* Task item
Every record is to be printed exactly as written; pictures are to be omitted.

* Input
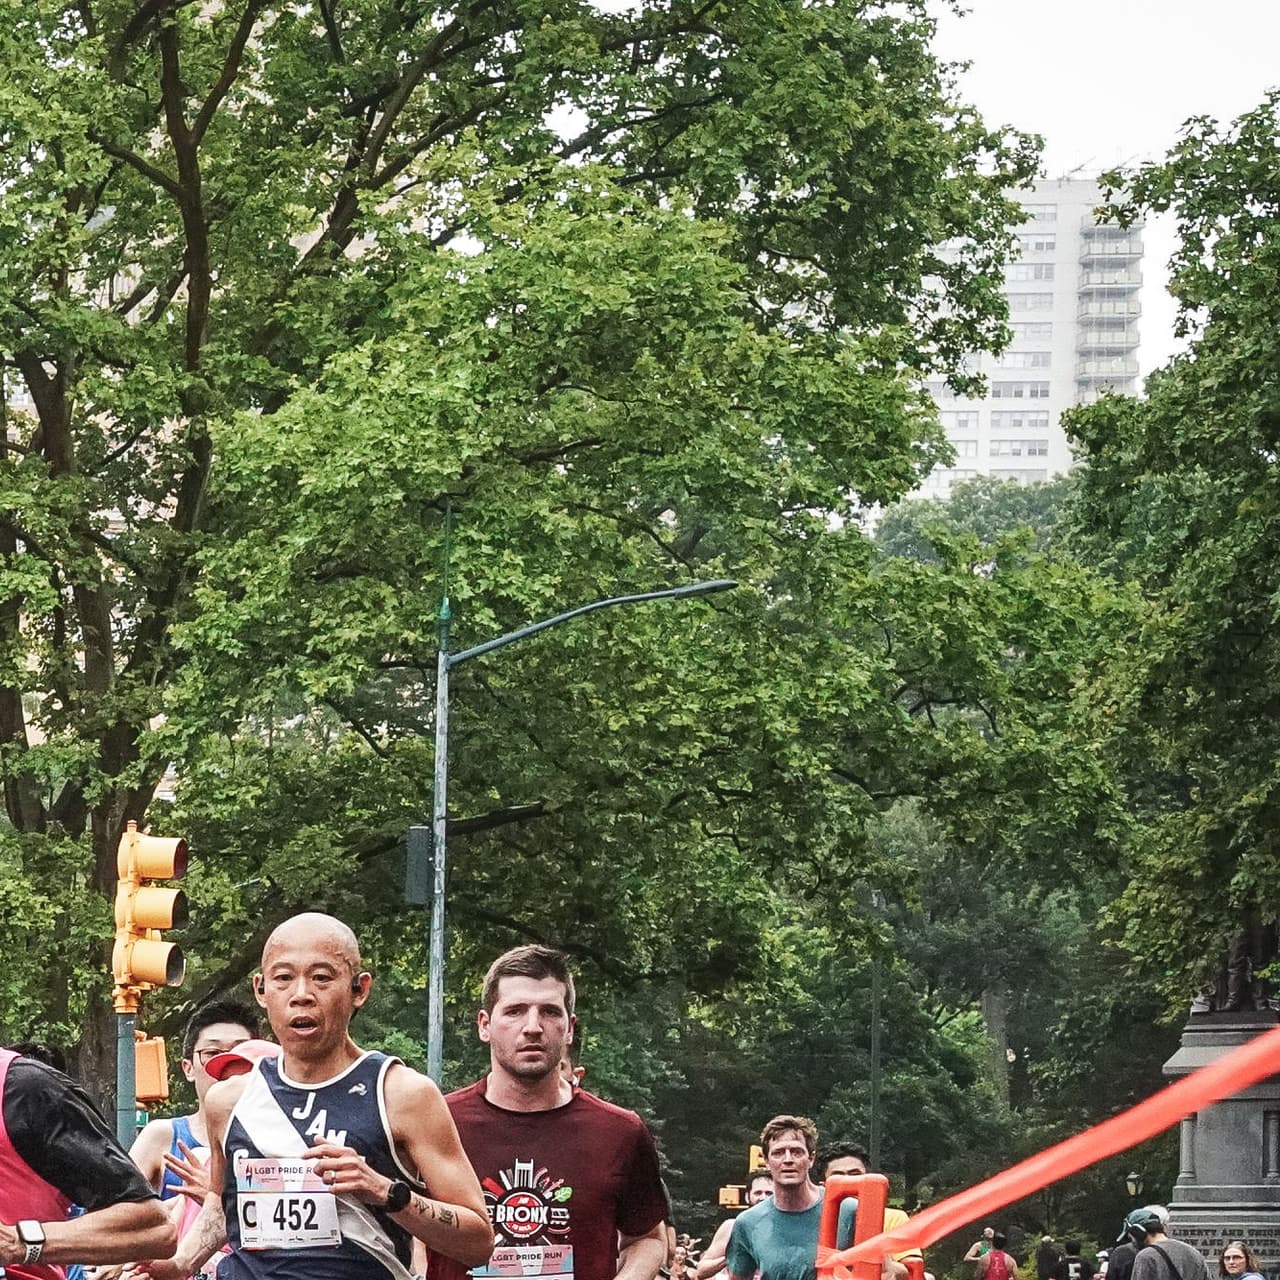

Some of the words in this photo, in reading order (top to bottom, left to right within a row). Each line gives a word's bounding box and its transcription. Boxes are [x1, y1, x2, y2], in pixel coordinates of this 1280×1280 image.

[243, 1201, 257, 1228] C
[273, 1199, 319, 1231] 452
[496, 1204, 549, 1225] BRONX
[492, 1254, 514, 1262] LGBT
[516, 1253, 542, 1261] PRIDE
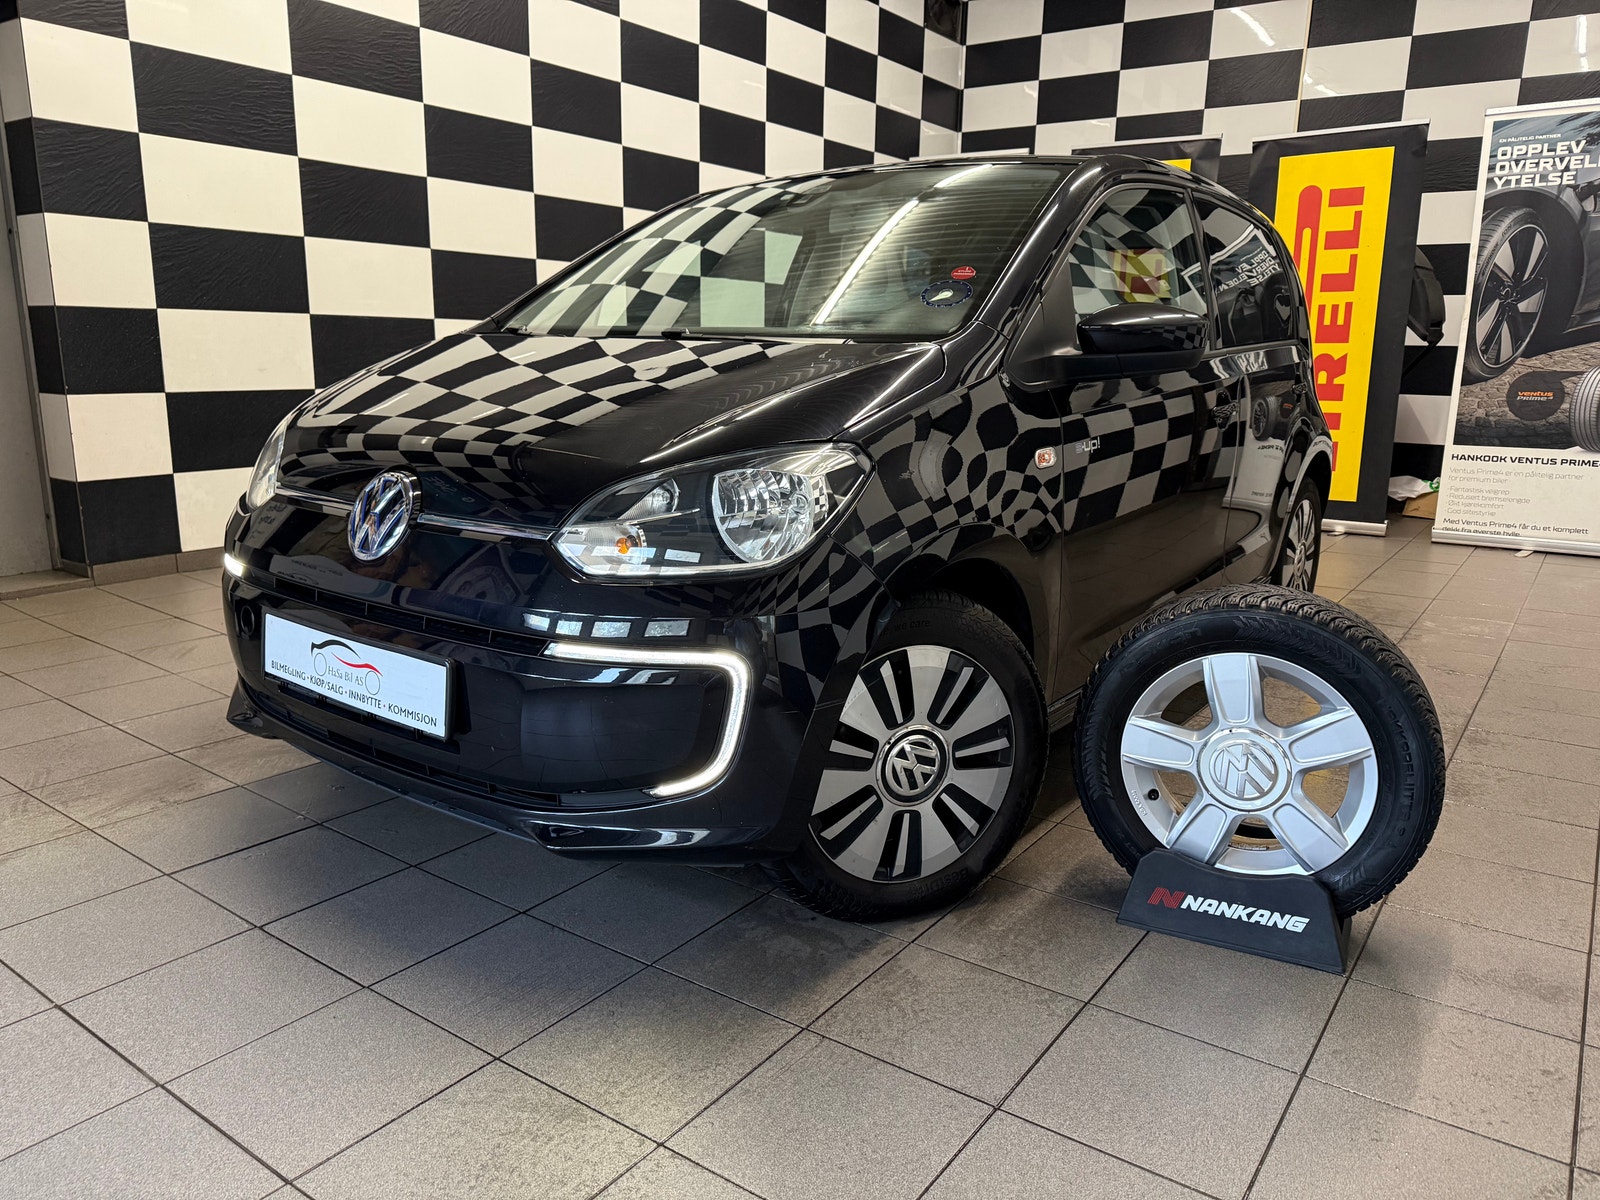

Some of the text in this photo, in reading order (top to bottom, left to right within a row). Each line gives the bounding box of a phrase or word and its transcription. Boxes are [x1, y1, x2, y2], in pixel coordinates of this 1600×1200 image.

* Exercise solution
Some of the words in this photo, in reading order (top to bottom, left to right within a row). Each line gives a word's bounding box and its transcription. Boxes are [x1, y1, x2, y2], in pixel coordinates of this 1280×1280 image.

[243, 1201, 257, 1228] C
[273, 1199, 319, 1231] 452
[496, 1204, 549, 1225] BRONX
[492, 1254, 514, 1262] LGBT
[516, 1253, 542, 1261] PRIDE

Some of the text in this photo, in reading order (top to bottom, left to right within a row). Each line gives the bounding box of a phrase or word and its transcription. Boxes are [x1, y1, x2, y2], in pixel coordinates of this 1600×1200 image.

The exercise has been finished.